— How to complete this task —
For the data that follows, report how many lines contain the word "ASTURIANA", and nothing else.
___ Data listing
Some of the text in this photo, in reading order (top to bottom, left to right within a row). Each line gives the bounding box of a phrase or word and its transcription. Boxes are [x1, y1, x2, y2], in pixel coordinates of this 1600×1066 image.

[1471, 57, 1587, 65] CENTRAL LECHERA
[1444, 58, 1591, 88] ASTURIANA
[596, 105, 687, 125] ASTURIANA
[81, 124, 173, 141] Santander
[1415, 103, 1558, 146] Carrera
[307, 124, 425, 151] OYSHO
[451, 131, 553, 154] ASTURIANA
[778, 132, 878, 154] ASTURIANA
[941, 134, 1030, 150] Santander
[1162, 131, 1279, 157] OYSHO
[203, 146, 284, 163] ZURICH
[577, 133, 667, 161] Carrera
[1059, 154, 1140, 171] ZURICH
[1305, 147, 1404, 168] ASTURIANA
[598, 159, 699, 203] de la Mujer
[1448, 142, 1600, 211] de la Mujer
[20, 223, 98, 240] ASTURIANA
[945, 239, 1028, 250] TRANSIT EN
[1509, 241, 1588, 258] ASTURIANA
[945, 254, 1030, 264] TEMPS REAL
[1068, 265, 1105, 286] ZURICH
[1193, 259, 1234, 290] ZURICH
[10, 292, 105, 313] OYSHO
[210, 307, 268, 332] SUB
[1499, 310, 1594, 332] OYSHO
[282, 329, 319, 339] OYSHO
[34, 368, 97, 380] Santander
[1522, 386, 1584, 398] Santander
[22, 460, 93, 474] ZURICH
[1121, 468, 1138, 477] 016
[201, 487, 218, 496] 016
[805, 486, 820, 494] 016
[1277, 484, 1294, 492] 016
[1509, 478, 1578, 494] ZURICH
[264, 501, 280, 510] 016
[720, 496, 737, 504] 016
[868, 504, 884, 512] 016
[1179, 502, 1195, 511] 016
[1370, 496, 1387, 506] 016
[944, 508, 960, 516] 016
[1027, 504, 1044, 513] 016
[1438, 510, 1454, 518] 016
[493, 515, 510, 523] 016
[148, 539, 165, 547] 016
______
— Answer to this problem —
7